Publication number: WO2008028467A1
Application number: PCT/DE2007/001562
Authority: WO
Inventors: Rupert Stitzinger
Original assignee: Schaeffler Kg
Priority date: 2006-09-05
Filing date: 2007-09-04
Publication date: 2008-03-13
Also published as: DE102006041630A1

Abstract

The invention relates to a bearing arrangement for mounting rotating machine elements, which bearing arrangement comprises an oscillation drive. A bearing arrangement according to the invention comprises a first and a second bearing ring which are arranged such that they can rotate with respect to one another. Furthermore, the bearing arrangement comprises an oscillation element which is required for the drive and a friction element which is associated with the former. The oscillation element and the friction element are arranged within an annular hollow space which is formed between the bearing rings. The oscillation element for generating oscillations is connected fixedly in terms of rotation to the first bearing ring and is operatively connected to the friction element which is connected fixedly in terms of rotation to the second bearing ring. If the oscillation element is made to oscillate, wherein the surface of the oscillation element performs, for example, elliptical movements, it exerts an advancing force on the friction element which experiences a torque on account of its rotatable mounting via the second bearing ring and rotationally drives a machine element which is received in the second bearing ring. A complete oscillation drive is therefore formed within the bearing arrangement.

Description

Name of the invention

Storage arrangement with integrated vibration drive

description

Field of the invention

The invention relates to a storage arrangement for supporting rotating machine elements comprising a vibration drive.

Vibration drives, which are also referred to as traveling wave drives and are often designed as ultrasonic drives, are increasingly being used as actuators, for example in precision mechanics and in motor vehicle technology. They are characterized by a high power density, by a simple mechanical structure and by a positioning accuracy in the nanometer range.

From DE 30 10 252 C2 a drive device with an oscillator is known, in which the transmission of the torque takes place over a plurality of spring-mounted components. A preferred embodiment of this device comprises a rotor which is rotatably mounted in ball bearings. An end face of the rotor is integrally formed with vibrating pieces and is operatively connected to a vibrating plate.

be an axially arranged ultrasonic oscillator. The ball bearings are loaded in particular in the axial direction, since the vibrating disk exerts forces in the axial direction on the rotor. Therefore, the running surfaces of the ball bearings have a special shape for receiving the axially acting forces. The ball bearings are located near the vibrating end face of the rotor. This ensures that the lateral forces occurring at the end face can not exert a high tilting torque on the ball bearings. A disadvantage of this solution is the large space required for the ultrasonic oscillator. In addition, this solution can be realized only at one axial end of a rotating machine element, whereby the applicability is significantly limited.

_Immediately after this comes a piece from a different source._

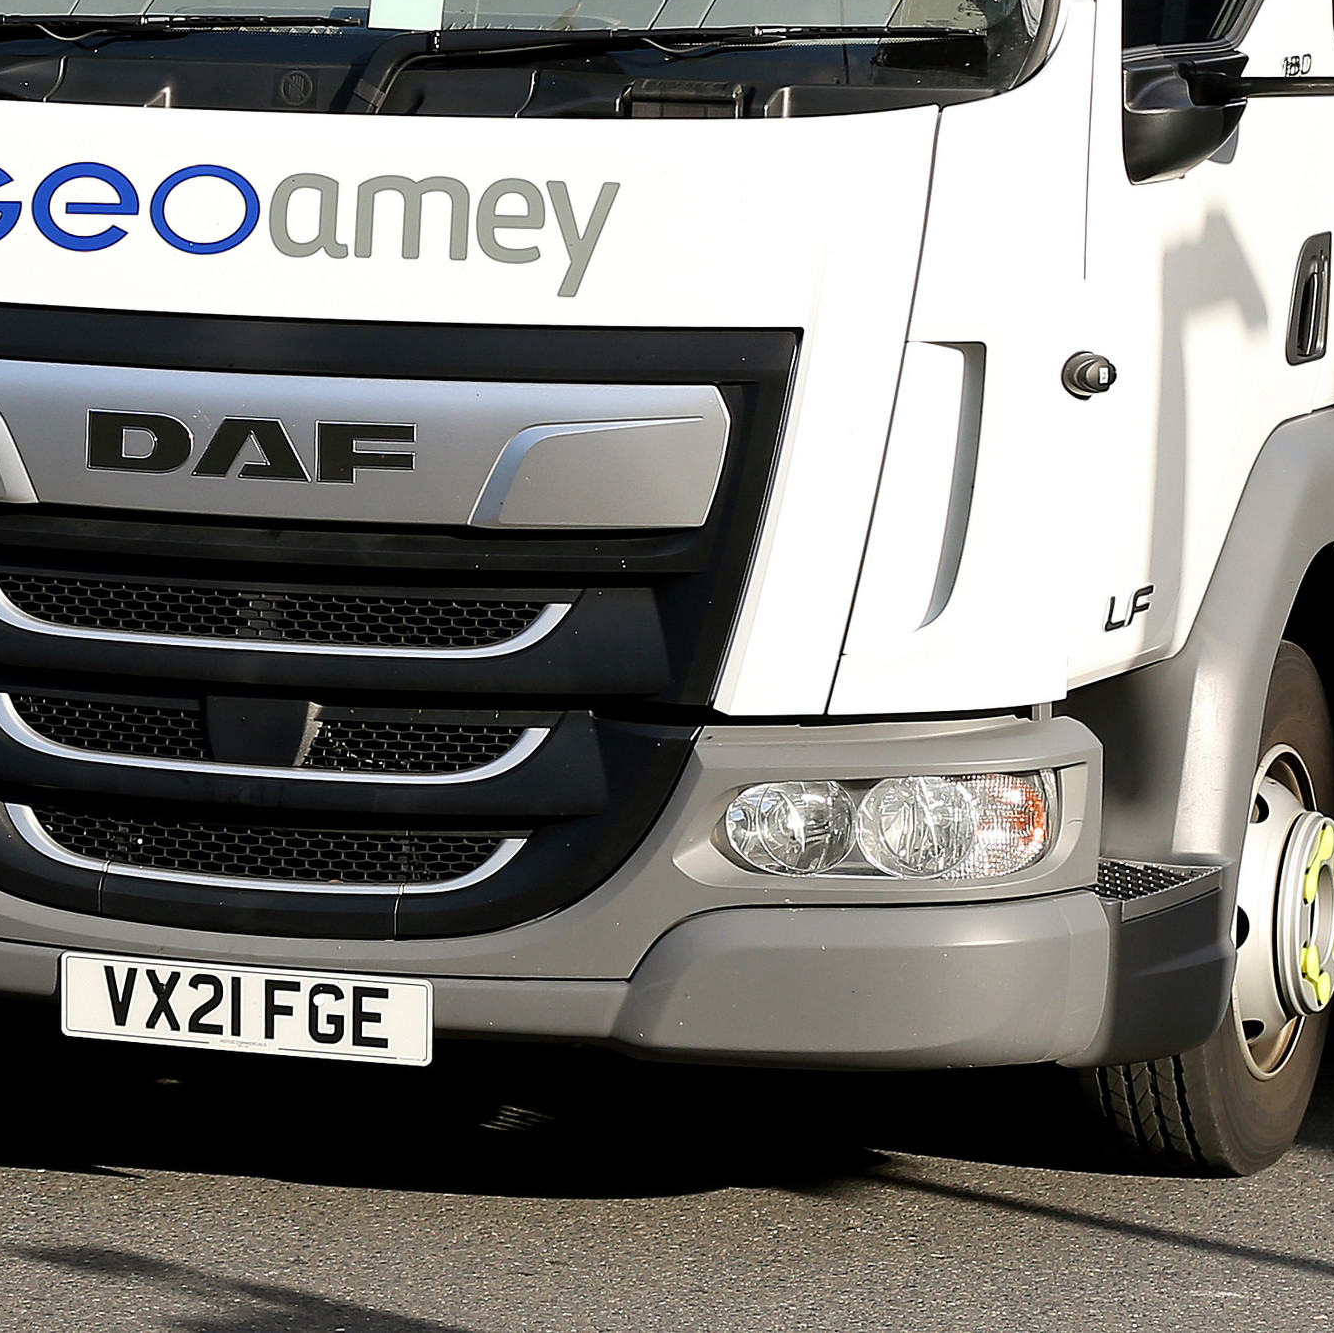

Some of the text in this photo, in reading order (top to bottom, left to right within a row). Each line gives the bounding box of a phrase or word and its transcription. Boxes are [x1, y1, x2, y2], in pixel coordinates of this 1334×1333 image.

From DE 690 26 650 T2 an ultrasonic motor for rotating a rotor is known, in which a vibration generated in a vibrating element

Wave is used. The motor comprises a rotor which is rotatably mounted on a carrier with a ball bearing. On the carrier is still the

Attached vibrating element, which acts laterally on the rotor. One of the

Supported pressure-regulating spring acts on the inner ring of the ball bearing and generates in this way a contact pressure between the

Rotor and the vibrating element. This solution also has the disadvantage of being able to be realized only at one axial end of a rotating machine element, since the carrier is arranged in the axis of rotation of the motor. Another disadvantage is the space required for the vibrating element in the peripheral area of the ball bearing.

An object of the present invention is thus to minimize the storage and drive required for a rotating machine element bearings and drives in terms of their space requirements and to provide a drive for rotating machine elements available, which need not be arranged at one axial end of the rotating machine element , This object is achieved by a storage arrangement according to the appended claim 1.

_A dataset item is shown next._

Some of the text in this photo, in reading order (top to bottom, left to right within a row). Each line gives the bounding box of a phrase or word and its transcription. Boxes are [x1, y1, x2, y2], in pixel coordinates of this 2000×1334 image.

A storage arrangement according to the invention comprises a first and a second bearing ring which are arranged rotatable relative to one another. Furthermore, the storage arrangement comprises a required for the drive vibrating element and an associated friction element. The oscillating member and the friction member are disposed within an annular cavity formed between the inner and outer peripheries of the bearing assembly formed by the bearing rings. The vibrating element for generating vibrations is rotatably connected to the first bearing ring and is in operative contact with the friction element, which is non-rotatably connected to the second bearing ring. If the oscillating element is caused to oscillate, wherein the surface of the oscillating element carries out elliptical movements, it will supply a thrusting force to the friction element, which due to its bearing rotatable via the second bearing ring experiences a torque and drives a machine element accommodated in the second bearing ring for rotation. Thus, a complete oscillation drive is formed within the storage arrangement according to the invention.

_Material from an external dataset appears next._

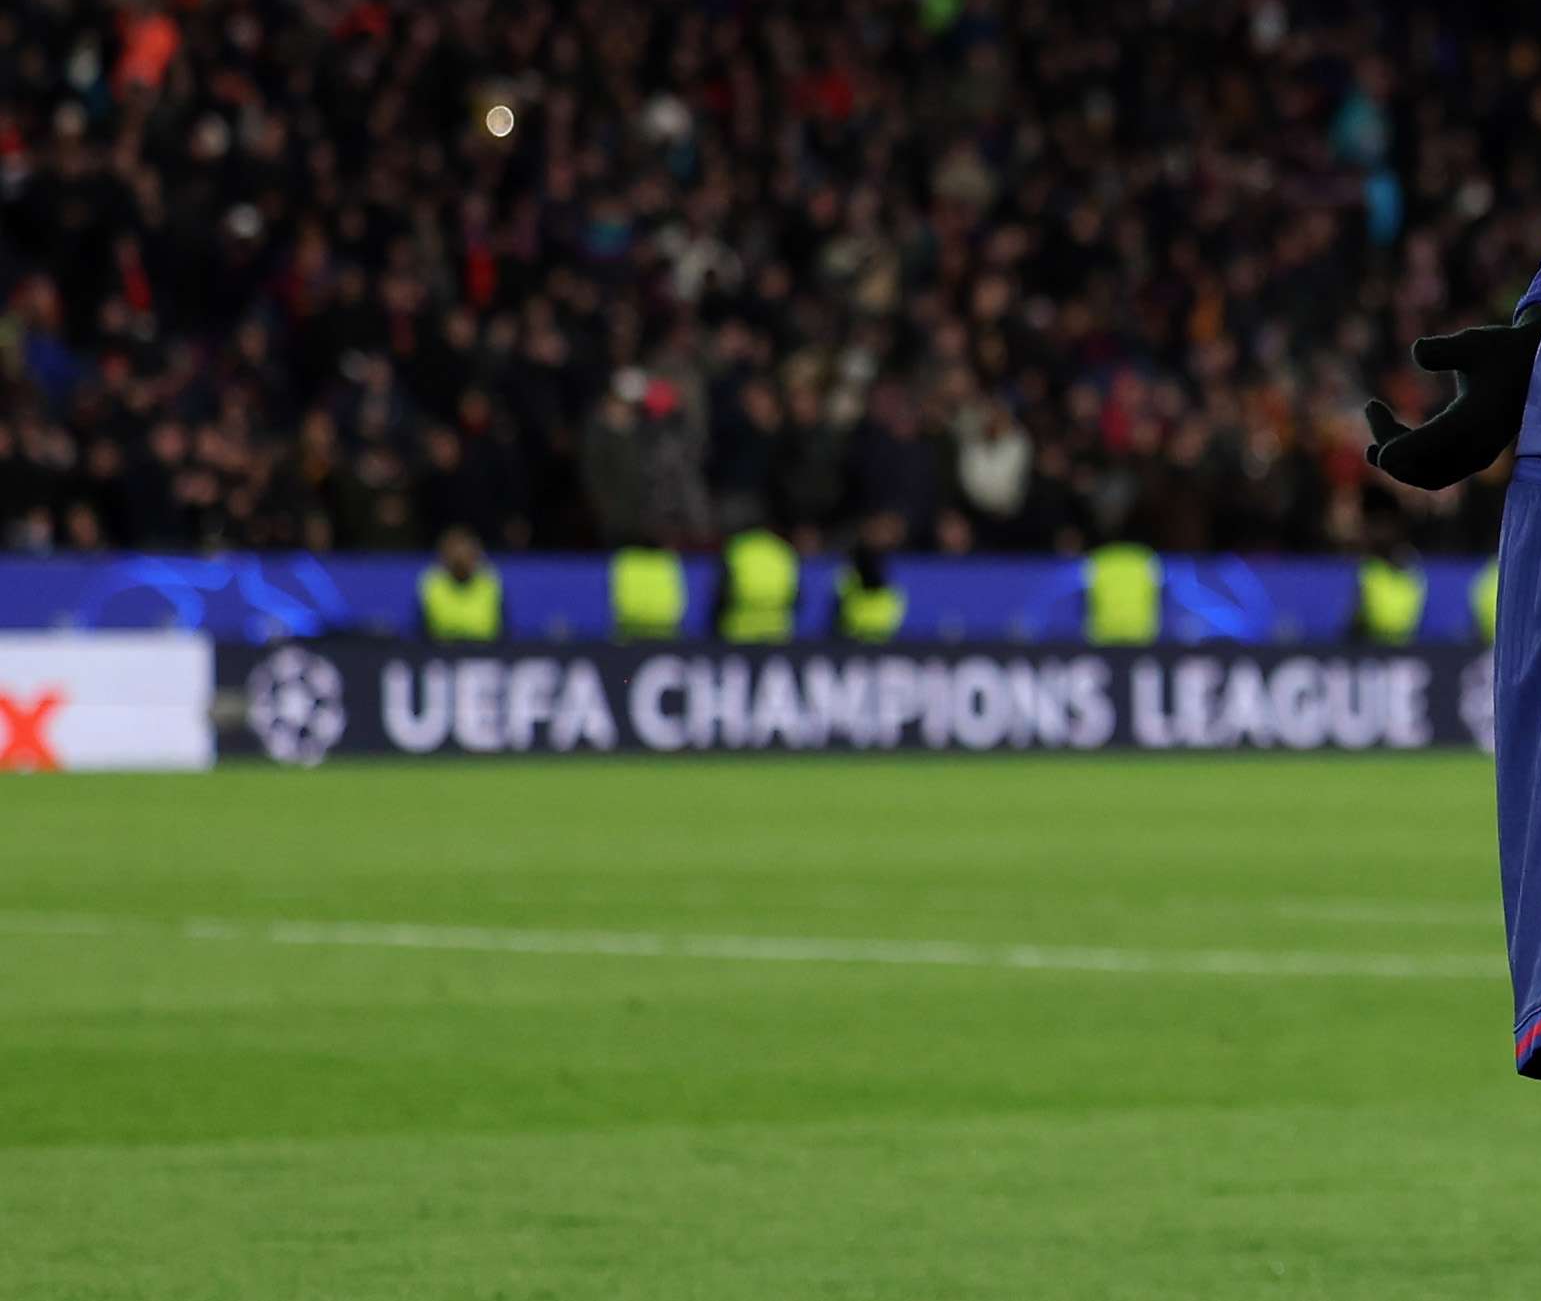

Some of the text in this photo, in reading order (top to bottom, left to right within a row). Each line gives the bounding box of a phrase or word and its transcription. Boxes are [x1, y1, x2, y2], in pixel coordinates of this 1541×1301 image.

[380, 653, 1434, 753] UEFA CHAMPIONS LEAGUE

A particular advantage of the storage arrangement according to the invention is that it simultaneously forms a means for storage and a means for driving a rotatable machine element. Due to this double function, the space requirement for these funds is significantly reduced. The drive forms a compact assembly and can replace an existing bearing of a machine. The vibration drive allows a high speed with a moderate torque. Furthermore, the vibration drive allows a backlash-free actuator that allows very fast and very accurate adjustments. Another advantage of the storage arrangement according to the invention is that it can act as a controllable brake at the same time by the vibrating element is excited to a corresponding deformation or corresponding vibrations. But the braking force and the driving force can also be completely withdrawn, so that the bearing assembly can rotate freely.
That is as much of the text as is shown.